= What is needed =
With nothing added or dropped, copy the data that follows exactly.

Referring expression grounding data
——————————
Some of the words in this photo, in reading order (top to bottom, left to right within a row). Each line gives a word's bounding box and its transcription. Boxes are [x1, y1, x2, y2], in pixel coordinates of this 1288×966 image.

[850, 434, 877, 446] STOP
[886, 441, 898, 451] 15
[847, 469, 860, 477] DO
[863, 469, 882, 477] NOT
——————————
= Answer to the problem =
Some of the words in this photo, in reading order (top to bottom, left to right within a row). Each line gives a word's bounding box and its transcription. Boxes are [x1, y1, x2, y2], in pixel coordinates of this 1288×966 image.

[850, 434, 877, 446] STOP
[886, 441, 898, 451] 15
[847, 469, 860, 477] DO
[863, 469, 882, 477] NOT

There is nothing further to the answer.